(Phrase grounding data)
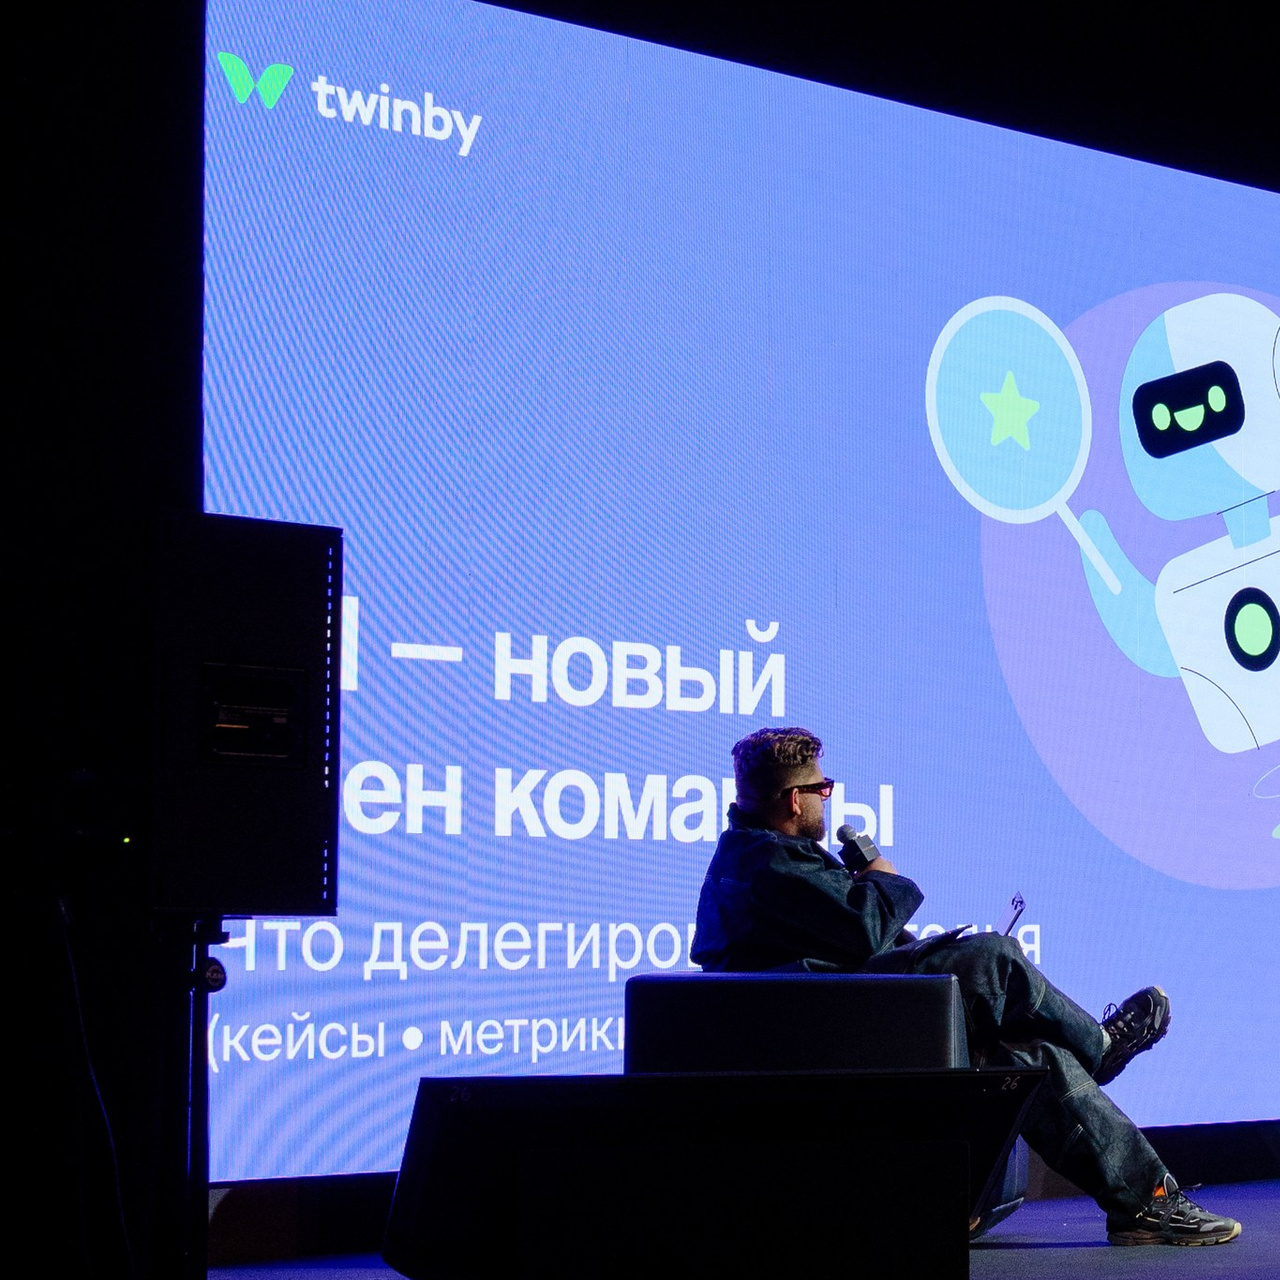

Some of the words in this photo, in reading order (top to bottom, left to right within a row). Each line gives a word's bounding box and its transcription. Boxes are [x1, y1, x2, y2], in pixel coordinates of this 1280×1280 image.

[311, 75, 483, 157] twinby
[494, 619, 786, 718] новый
[342, 760, 463, 836] ен
[494, 765, 894, 850] комаы
[363, 921, 702, 983] делегиро
[208, 1011, 386, 1074] (кейсы
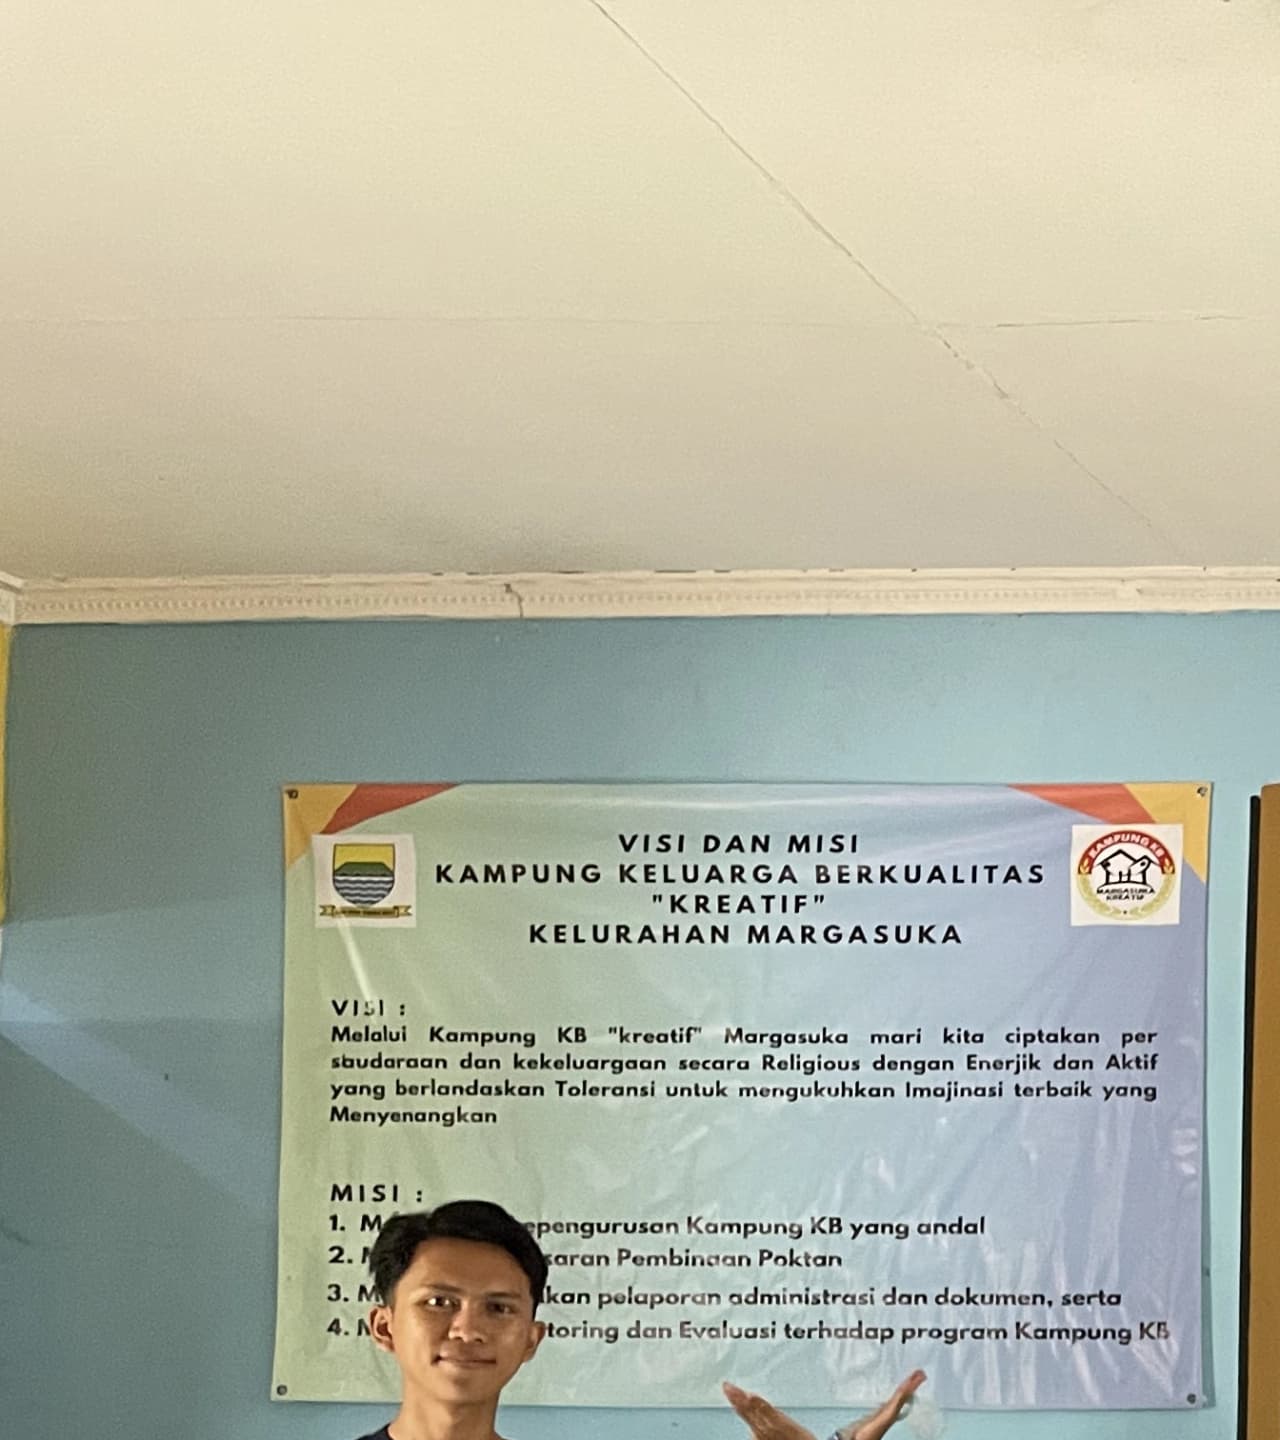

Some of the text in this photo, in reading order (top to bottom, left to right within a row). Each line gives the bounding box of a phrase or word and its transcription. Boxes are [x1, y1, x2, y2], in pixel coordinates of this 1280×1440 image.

[618, 834, 857, 854] VISI DAN MISI
[1088, 833, 1149, 859] KAMPUNG
[436, 863, 1044, 885] KAMPUNG KELUARGA BERKUALITAS
[652, 894, 825, 914] "KREATIF"
[529, 924, 962, 945] KELURAHAN MARGASUKA
[331, 1024, 1158, 1049] Melalui Kampung KB "kreatif" Margasuka mari kita ciptakan per
[459, 1051, 501, 1070] dan
[513, 1052, 667, 1075] kekeluargaan
[678, 1059, 750, 1071] secara
[761, 1052, 861, 1076] Religious
[871, 1053, 955, 1076] dengan
[966, 1052, 1042, 1076] Enerjik
[1052, 1053, 1094, 1071] dan
[1105, 1052, 1159, 1071] Aktif
[330, 1077, 1157, 1103] yang berlandaskan Toleransi untuk mengukuhkan Imajinasi terbaik yang
[330, 1105, 497, 1128] Menyenangkan
[330, 1183, 398, 1203] MISI
[328, 1213, 346, 1232] 1.
[526, 1219, 680, 1241] epengurusan
[687, 1215, 803, 1241] Kampung
[810, 1216, 843, 1235] KB
[849, 1222, 910, 1241] yang
[916, 1215, 985, 1235] andal
[328, 1245, 354, 1264] 2.
[617, 1247, 752, 1268] Pembinaan
[758, 1247, 843, 1268] Poktan
[327, 1283, 349, 1302] 3.
[597, 1285, 722, 1311] pelaporan
[728, 1285, 875, 1306] administrasi
[881, 1286, 928, 1306] dan
[934, 1286, 1053, 1308] dokumen,
[1061, 1289, 1122, 1307] serta
[327, 1317, 349, 1336] 4.
[626, 1319, 673, 1339] dan
[679, 1319, 777, 1340] Evaluasi
[783, 1319, 895, 1345] terhadap
[901, 1327, 1008, 1345] program
[1015, 1321, 1132, 1346] Kampung
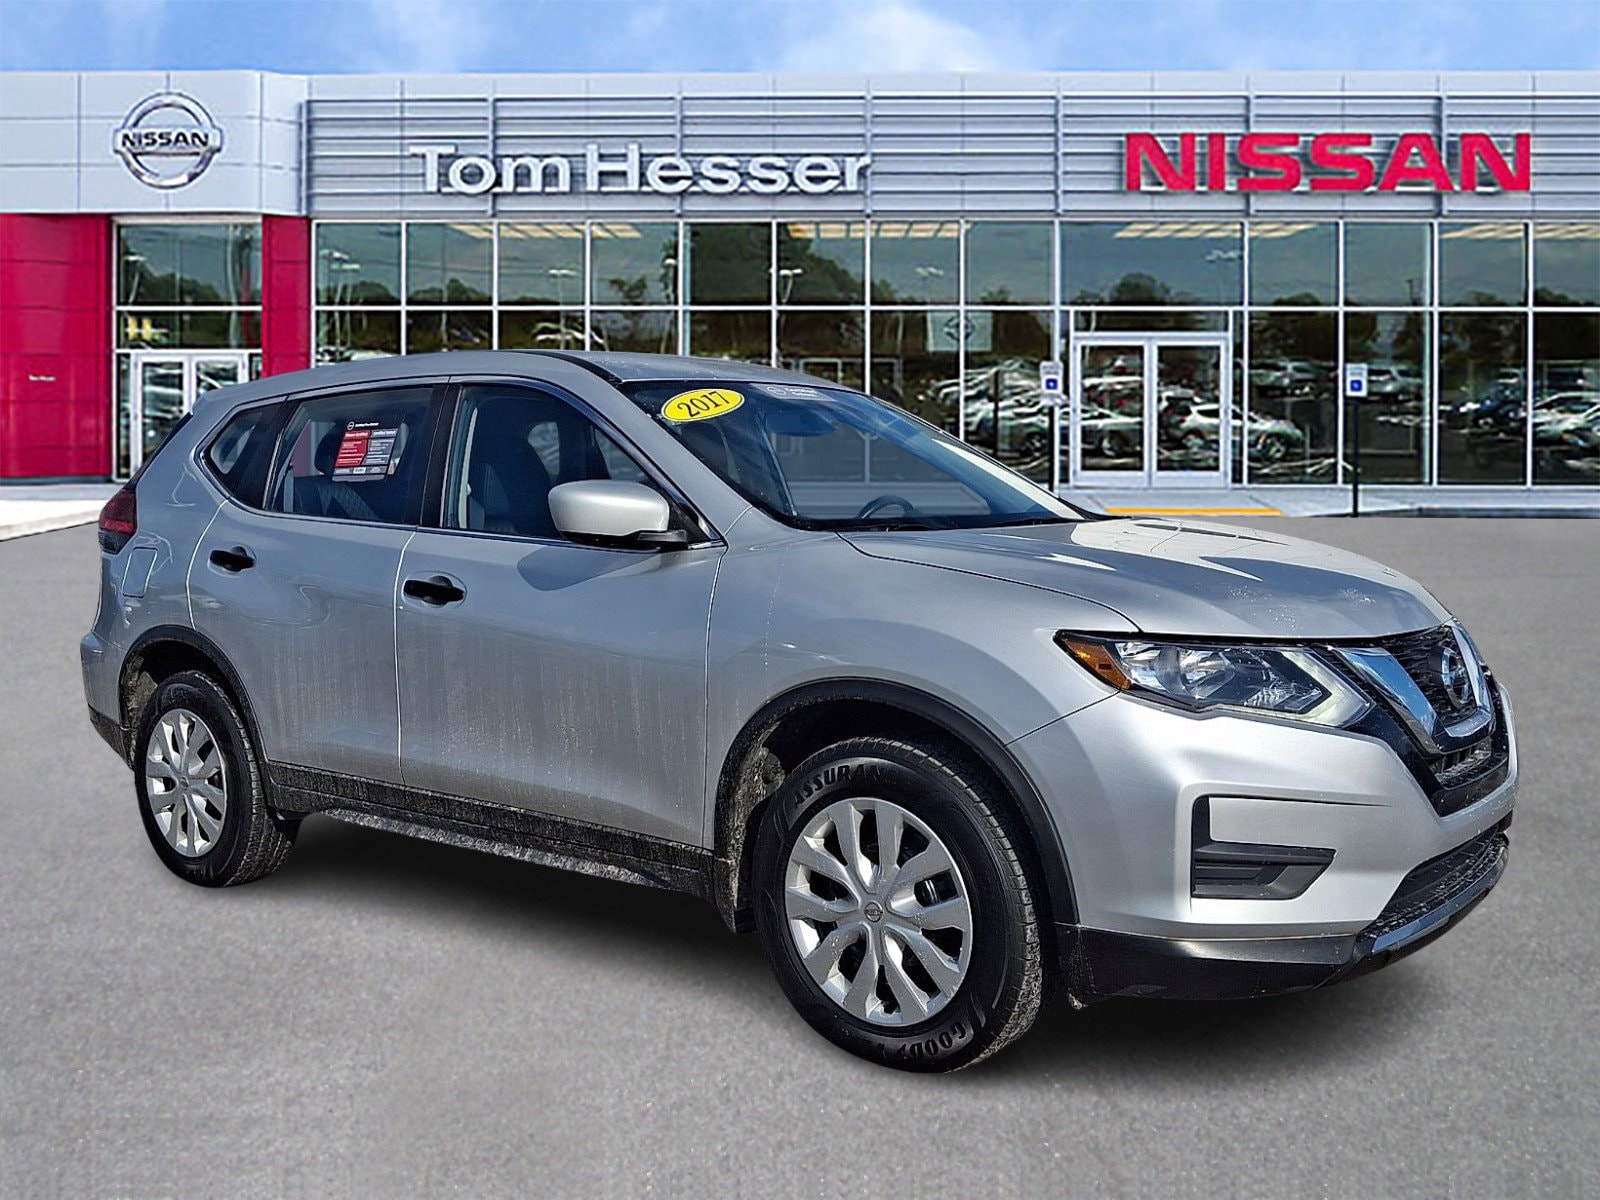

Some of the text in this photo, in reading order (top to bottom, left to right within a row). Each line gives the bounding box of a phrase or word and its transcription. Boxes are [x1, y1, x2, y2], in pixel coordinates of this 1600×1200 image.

[122, 131, 209, 147] NISSAN
[1126, 132, 1531, 191] NISSAN
[677, 391, 730, 417] 2017

**Aim of the exercise**
In the copy, keep every line of the data above exactly and drop each picture.

**Solved exercise**
Some of the words in this photo, in reading order (top to bottom, left to right within a row). Each line gives a word's bounding box and its transcription. Boxes are [x1, y1, x2, y2], in pixel coordinates of this 1280×1280 image.

[311, 75, 483, 157] twinby
[494, 619, 786, 718] новый
[342, 760, 463, 836] ен
[494, 765, 894, 850] комаы
[363, 921, 702, 983] делегиро
[208, 1011, 386, 1074] (кейсы

Some of the text in this photo, in reading order (top to bottom, left to right within a row). Each line gives the bounding box of a phrase or word and its transcription. Boxes are [x1, y1, x2, y2], in pixel coordinates of this 1280×1440 image.

[618, 834, 857, 854] VISI DAN MISI
[1088, 833, 1149, 859] KAMPUNG
[436, 863, 1044, 885] KAMPUNG KELUARGA BERKUALITAS
[652, 894, 825, 914] "KREATIF"
[529, 924, 962, 945] KELURAHAN MARGASUKA
[331, 1024, 1158, 1049] Melalui Kampung KB "kreatif" Margasuka mari kita ciptakan per
[459, 1051, 501, 1070] dan
[513, 1052, 667, 1075] kekeluargaan
[678, 1059, 750, 1071] secara
[761, 1052, 861, 1076] Religious
[871, 1053, 955, 1076] dengan
[966, 1052, 1042, 1076] Enerjik
[1052, 1053, 1094, 1071] dan
[1105, 1052, 1159, 1071] Aktif
[330, 1077, 1157, 1103] yang berlandaskan Toleransi untuk mengukuhkan Imajinasi terbaik yang
[330, 1105, 497, 1128] Menyenangkan
[330, 1183, 398, 1203] MISI
[328, 1213, 346, 1232] 1.
[526, 1219, 680, 1241] epengurusan
[687, 1215, 803, 1241] Kampung
[810, 1216, 843, 1235] KB
[849, 1222, 910, 1241] yang
[916, 1215, 985, 1235] andal
[328, 1245, 354, 1264] 2.
[617, 1247, 752, 1268] Pembinaan
[758, 1247, 843, 1268] Poktan
[327, 1283, 349, 1302] 3.
[597, 1285, 722, 1311] pelaporan
[728, 1285, 875, 1306] administrasi
[881, 1286, 928, 1306] dan
[934, 1286, 1053, 1308] dokumen,
[1061, 1289, 1122, 1307] serta
[327, 1317, 349, 1336] 4.
[626, 1319, 673, 1339] dan
[679, 1319, 777, 1340] Evaluasi
[783, 1319, 895, 1345] terhadap
[901, 1327, 1008, 1345] program
[1015, 1321, 1132, 1346] Kampung

Some of the text in this photo, in reading order (top to bottom, left to right within a row). Each line gives the bounding box of a phrase or word and its transcription. Boxes are [x1, y1, x2, y2], in pixel coordinates of this 1600×1200 image.

[122, 131, 209, 147] NISSAN
[1126, 132, 1531, 191] NISSAN
[677, 391, 730, 417] 2017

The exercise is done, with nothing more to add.